1、酒店评论数据
library(pacman)
p_load(dplyr)
df <- read.csv("./data_set/review.csv",header = T,stringsAsFactors = F) %>%
tbl_df() %>%
select(id=ReviewID,date=RatingDate,review=ReviewText,rate=Obs_Avg_Rating) %>%
mutate(sentiment=ifelse(rate<3,0,1))
df <- df %>% select(-rate)
df$date <- as.Date(df$date)
nrow(df)
## [1] 11005
# 切割为5个文件
N_files <- 5
# 每个文件多少行数据
chunk_len <- nrow(df) / N_files
# 创建临时文件
files <- sapply(1:N_files,function(x) tempfile())
# 将文件分块
chunks <- split(df,rep(1:N_files,each=chunk_len))
# 将分块写入到对应的文件
for (i in 1:N_files) {
write.table(chunks[[i]],files[[i]],quote=T,row.names=F,
col.names = T,sep = "|")
}
str(df,strict.width="cut")
## Classes 'tbl_df', 'tbl' and 'data.frame': 11005 obs. of 4 variables:
## $ id : int 116455519 116885145 117395588 126717496 132233722..
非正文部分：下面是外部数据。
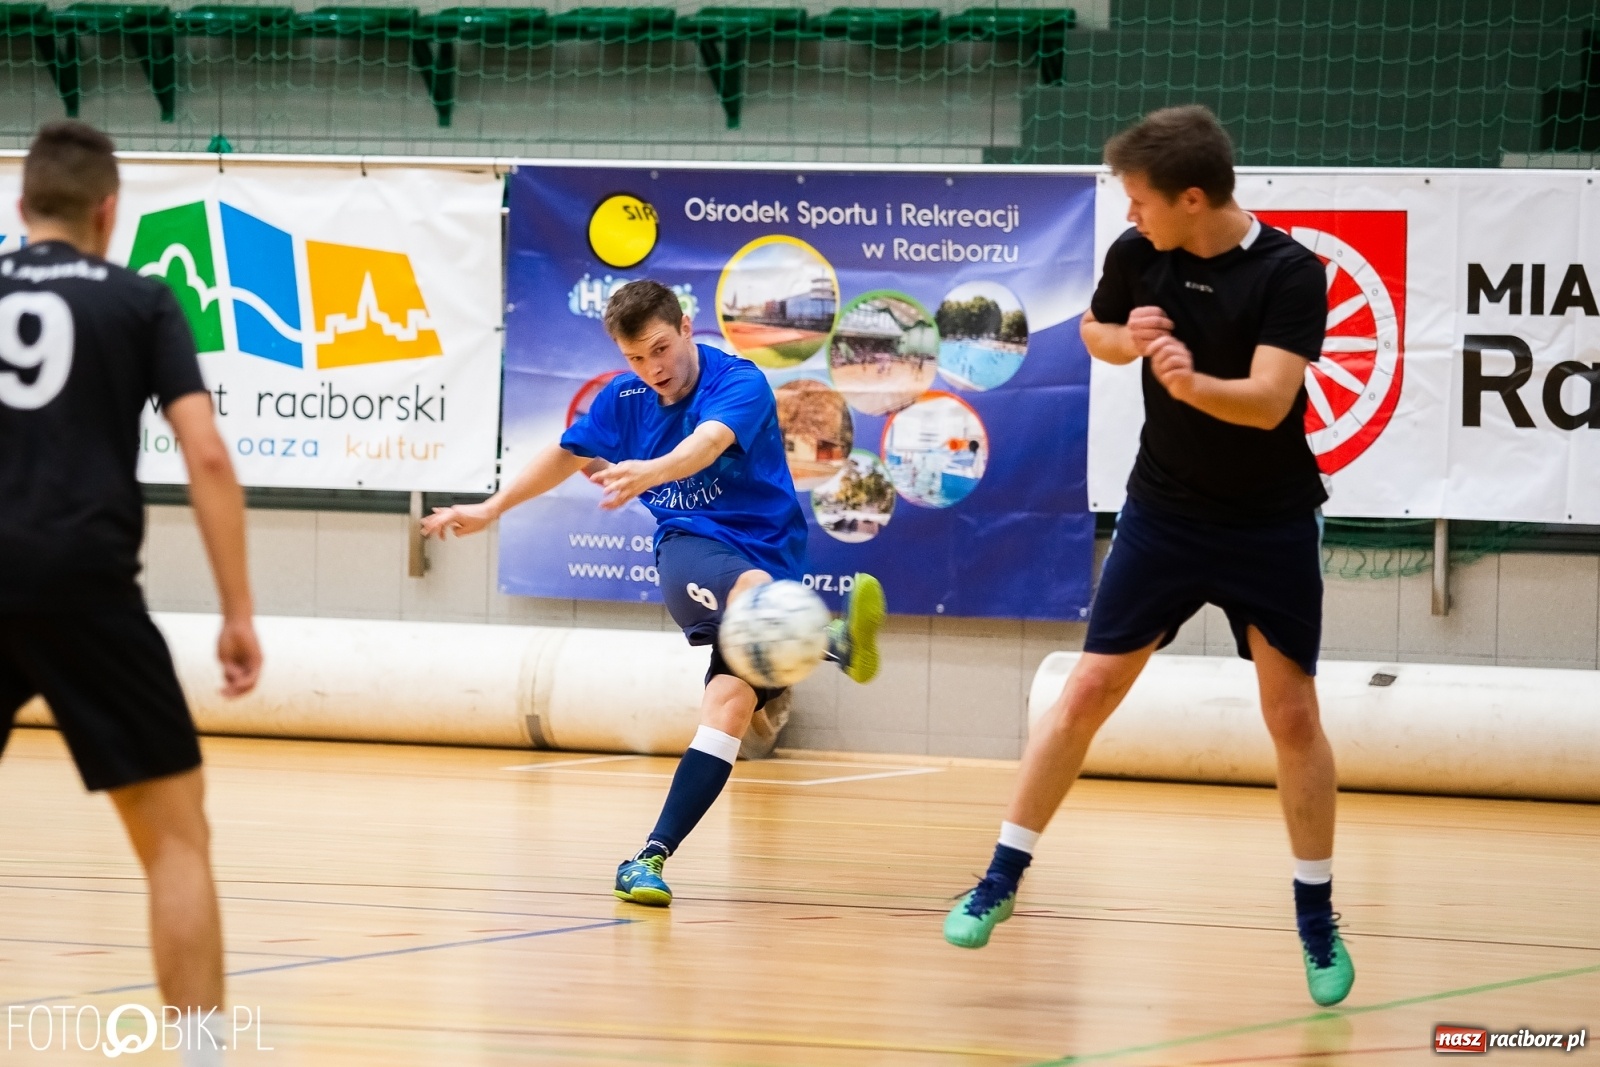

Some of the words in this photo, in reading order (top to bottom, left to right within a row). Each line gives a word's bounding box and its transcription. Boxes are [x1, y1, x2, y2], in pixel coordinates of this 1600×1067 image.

[684, 197, 790, 224] Ośrodek
[797, 201, 877, 229] Sportu
[886, 204, 892, 226] i
[901, 203, 1020, 233] Rekreacji
[862, 242, 885, 259] w
[893, 238, 1018, 264] Raciborzu
[1467, 263, 1600, 316] MIA
[0, 291, 75, 410] 9
[257, 382, 445, 422] raciborski
[237, 437, 319, 457] oaza
[345, 434, 445, 461] kultur
[686, 582, 718, 611] 8
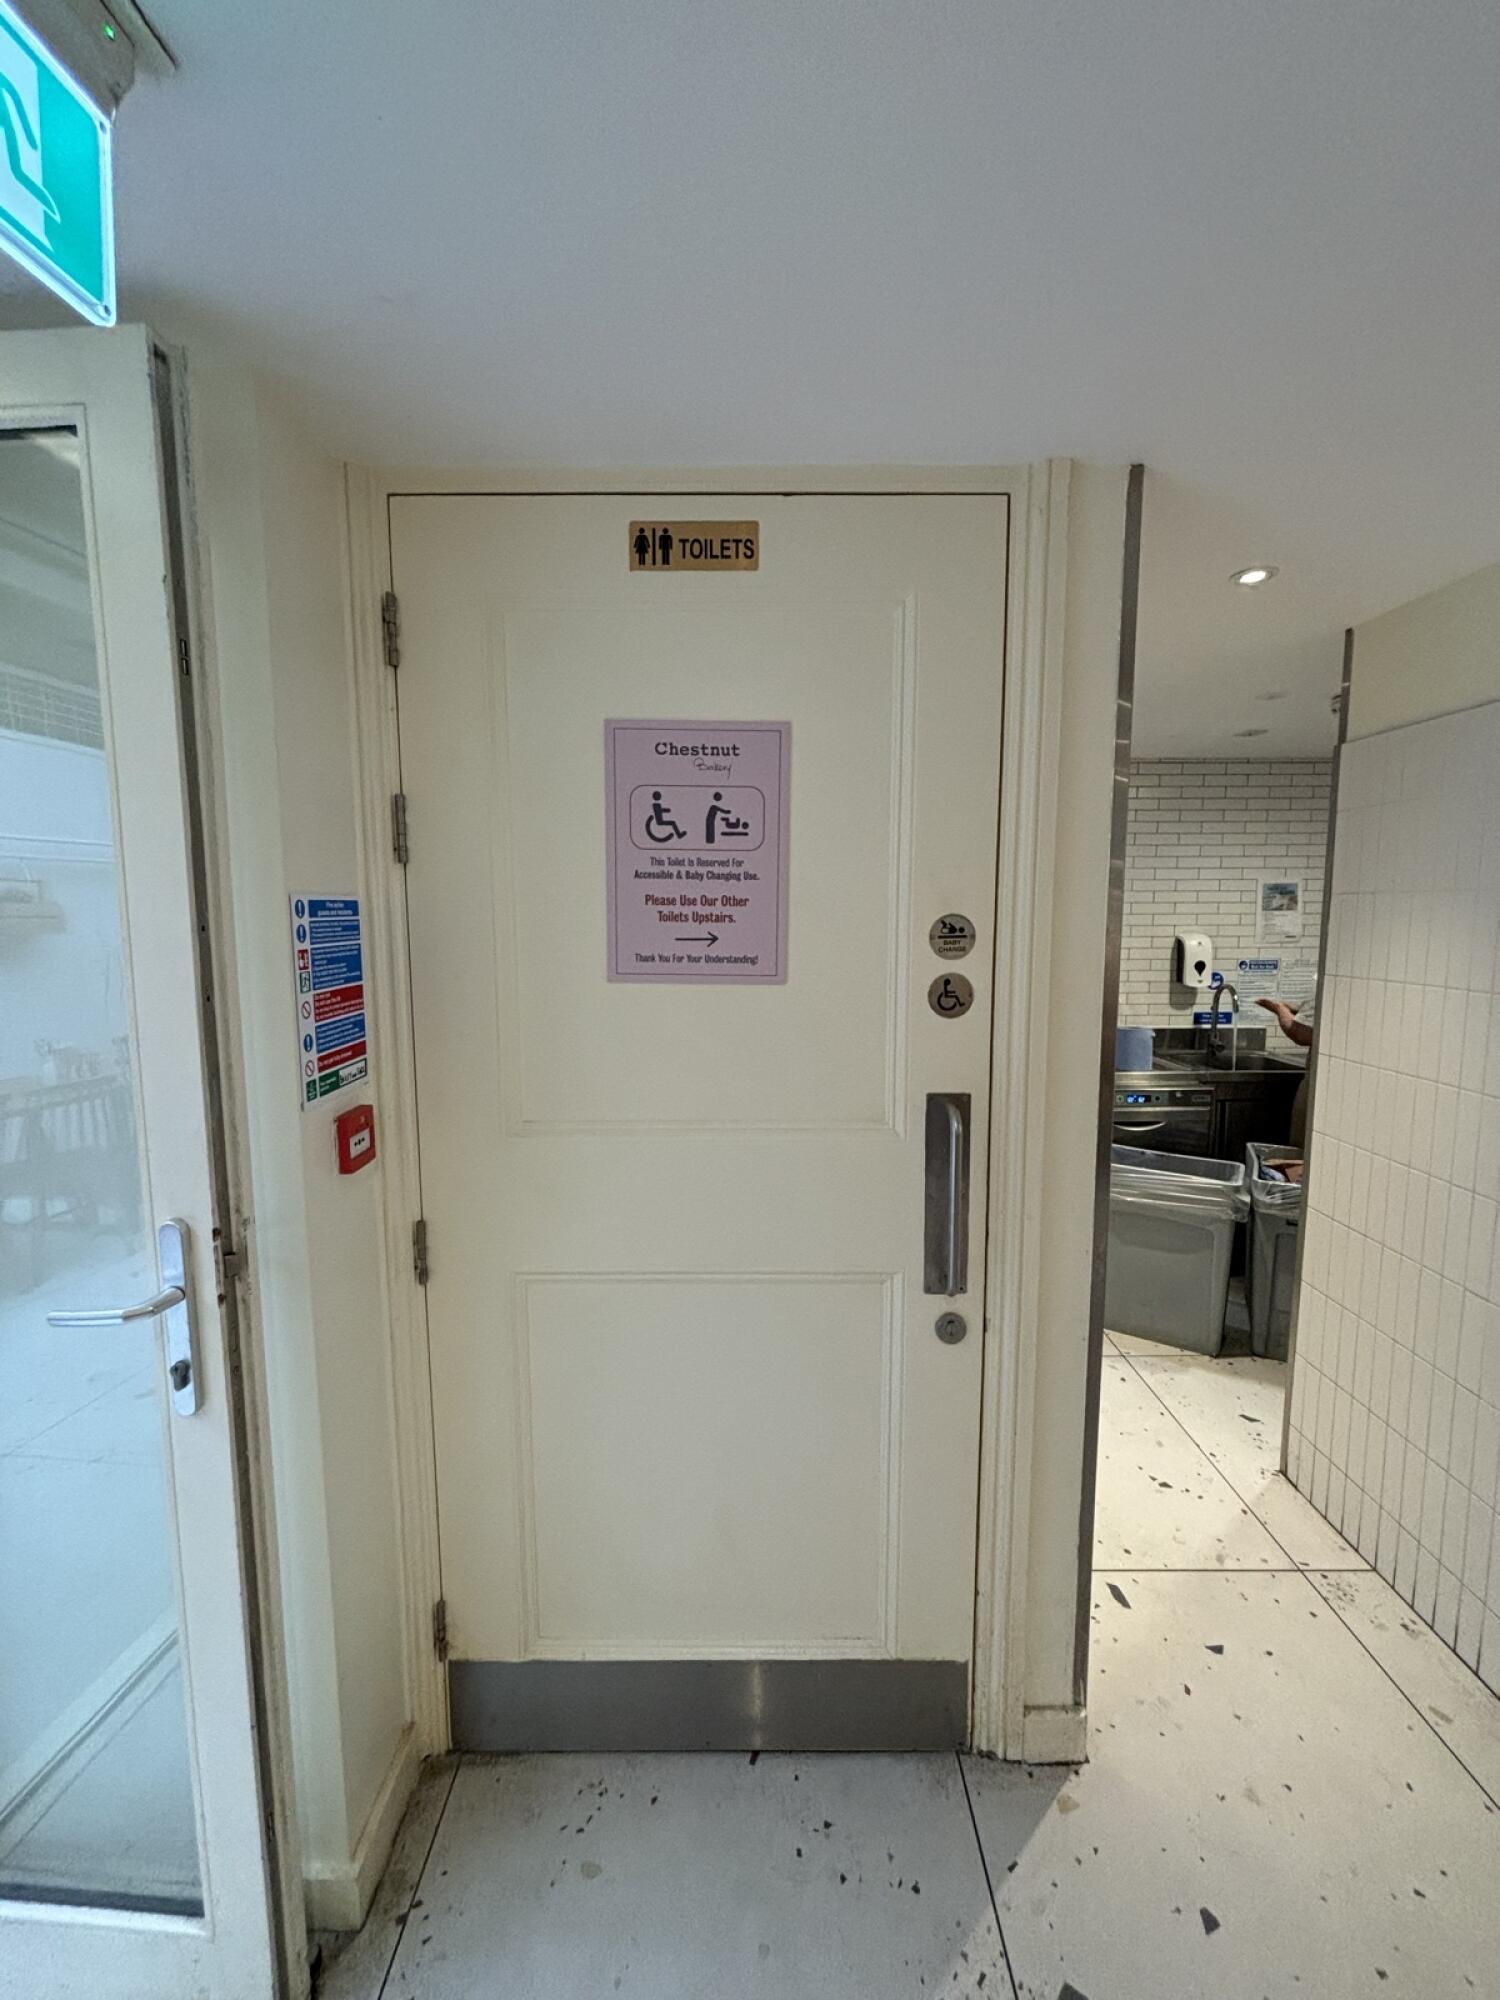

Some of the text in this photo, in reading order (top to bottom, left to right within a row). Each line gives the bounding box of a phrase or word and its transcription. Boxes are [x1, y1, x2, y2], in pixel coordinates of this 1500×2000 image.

[678, 538, 755, 560] TOILETS
[655, 742, 740, 757] Chestnut
[694, 757, 732, 779] Bakery
[650, 857, 665, 866] This
[667, 857, 686, 867] Toilet
[696, 857, 731, 868] Reserved
[634, 869, 760, 882] Accessible & Baby Changing Use.
[645, 894, 749, 907] Please Use Our Other
[657, 911, 736, 925] Toilets Upstairs.
[635, 953, 656, 963] Thank
[658, 953, 671, 963] You
[686, 954, 703, 964] Your
## $ date : Date, format: "2011-08-08" ...
## $ review : chr "I gave this place 2 because the staff was very "..
## $ sentiment: num 0 0 0 0 0 1 0 1 1 1 ...
2、构造text2vec读取文件函数
p_load(data.table,text2vec)
reader <- function(x, ...) {
# 读取数据
chunk <- data.table::fread(x, header = T, sep = "|")
# 选择列
res <- chunk$review
# 加入ids信息
names(res) <- chunk$id
res
}
# 创建迭代器
it_files <- ifiles(files, reader = reader)
#
it_tokens = itoken(it_files,
preprocessor = tolower,
tokenizer = word_tokenizer,
progressbar = FALSE)
vocab <- create_vocabulary(it_tokens)
3、使用构造的函数创建DTM
请注意,DTM具有文档id。它们继承自我们在reader函数中分配的文档名称。 在处理文件时,这是分配文档id的方便方法。
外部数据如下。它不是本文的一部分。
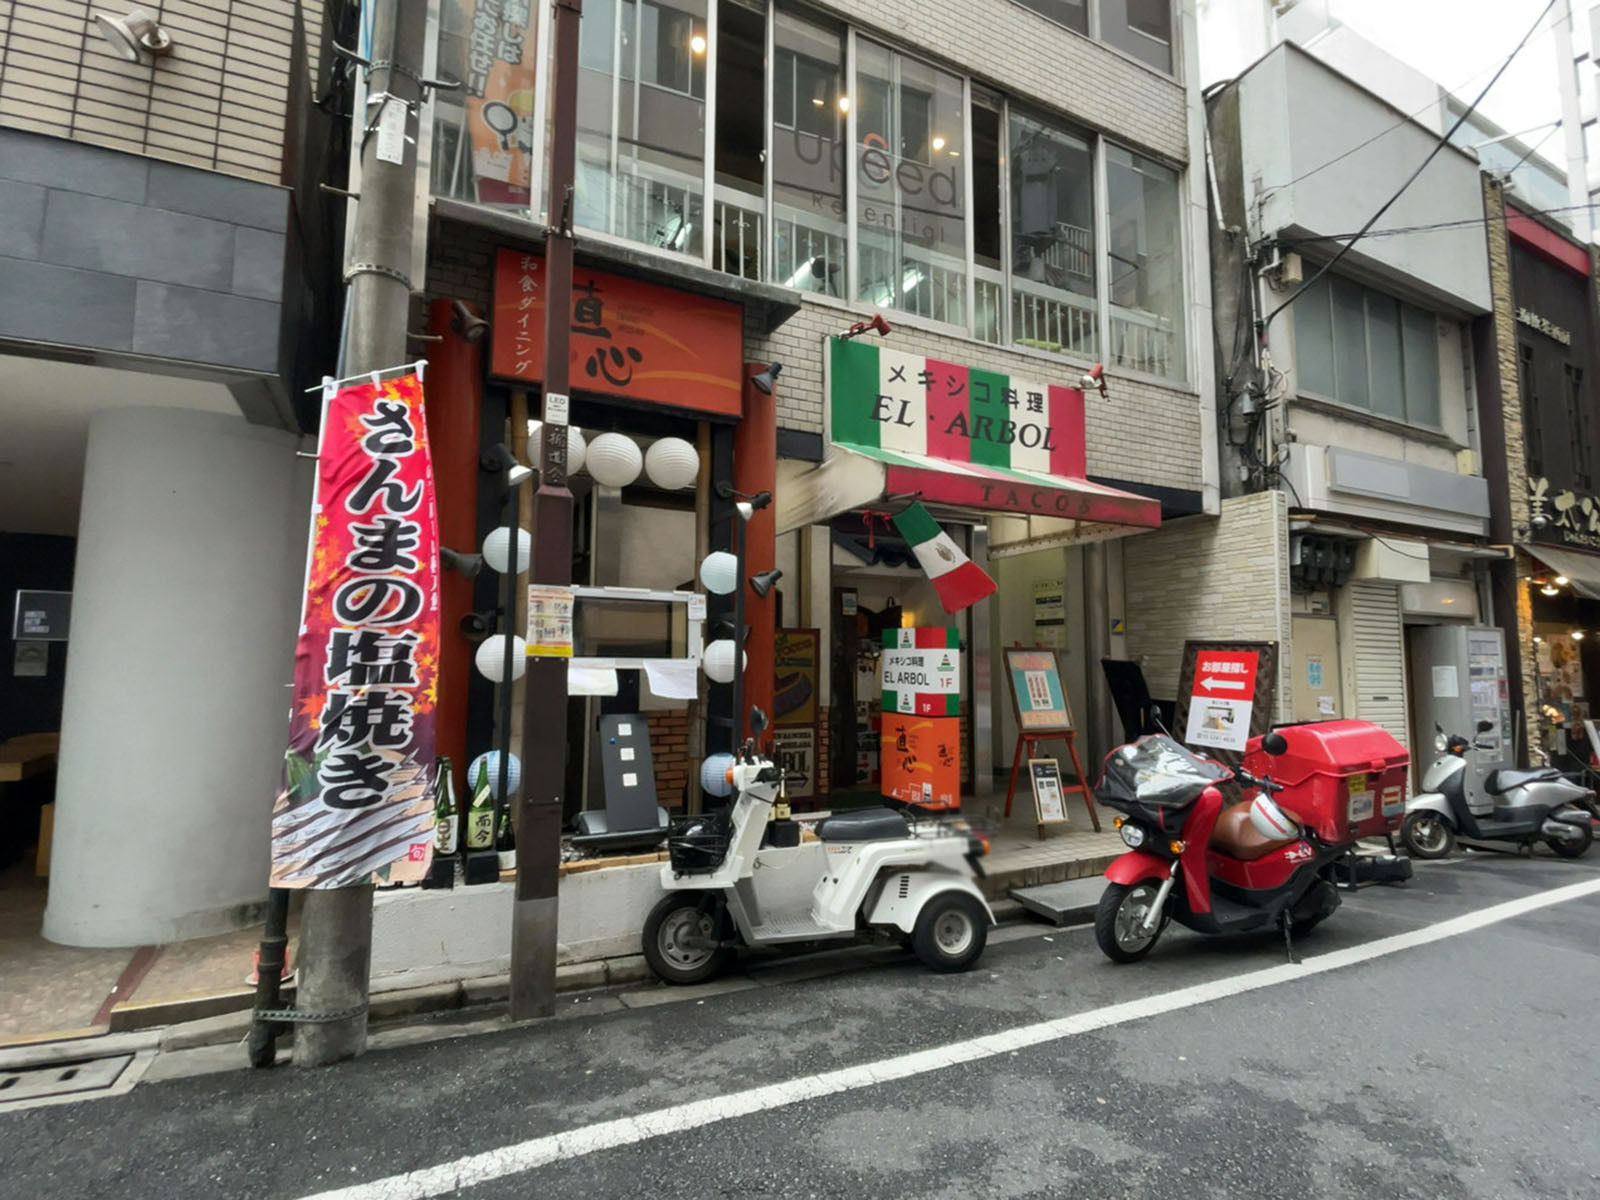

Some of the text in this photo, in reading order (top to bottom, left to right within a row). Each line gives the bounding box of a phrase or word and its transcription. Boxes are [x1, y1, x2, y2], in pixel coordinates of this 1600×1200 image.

[515, 255, 539, 375] 和食ダイニング
[888, 365, 1044, 414] メキシコ料理
[869, 394, 1056, 451] EL ARBOL
[980, 484, 1091, 514] TACOS
[318, 401, 424, 810] さんまの塩焼き
[884, 671, 953, 689] EL ARBOL 1F
dtm <- create_dtm(it_tokens,vectorizer = vocab_vectorizer(vocab))
str(dtm, list.len = 5)
## Formal class 'dgCMatrix' [package "Matrix"] with 6 slots
## ..@ i : int [1:734787] 9012 558 10744 2736 1950 10921 9345 983 1874 758 ...
## ..@ p : int [1:26935] 0 1 2 3 4 5 6 7 8 9 ...
## ..@ Dim : int [1:2] 11005 26934
## ..@ Dimnames:List of 2
## .. ..$ : chr [1:11005] "116455519" "116885145" "117395588" "126717496" ...
## .. ..$ : chr [1:26934] "contar" "reacting" "veriy" "cranny's" ...
## ..@ x : num [1:734787] 1 1 1 1 1 1 1 1 1 1 ...
## .. [list output truncated]
4、使用多核读取内存中的数据
library(doParallel)
# 查看系统核心数
N_WORKERS <- detectCores()
# 创建集群
cl <- makeCluster(N_WORKERS-1)
# 注册parallel后端
registerDoParallel(cl)
it_token_par <- itoken_parallel(df$review,
preprocessor = tolower,
tokenizer = word_tokenizer,
ids = df$id,
# 可以自己控制n_chunks参数
n_chunks = 8)
vocab <- create_vocabulary(it_token_par)
v_vectorizer <- vocab_vectorizer(vocab)
dtm <- create_dtm(it_token_par,v_vectorizer)
# 停止集群
stopCluster(cl)
str(dtm)
## Formal class 'dgCMatrix' [package "Matrix"] with 6 slots
## ..@ i : int [1:734787] 558 1146 1481 2583 2588 2651 2741 2796 2991 3457 ...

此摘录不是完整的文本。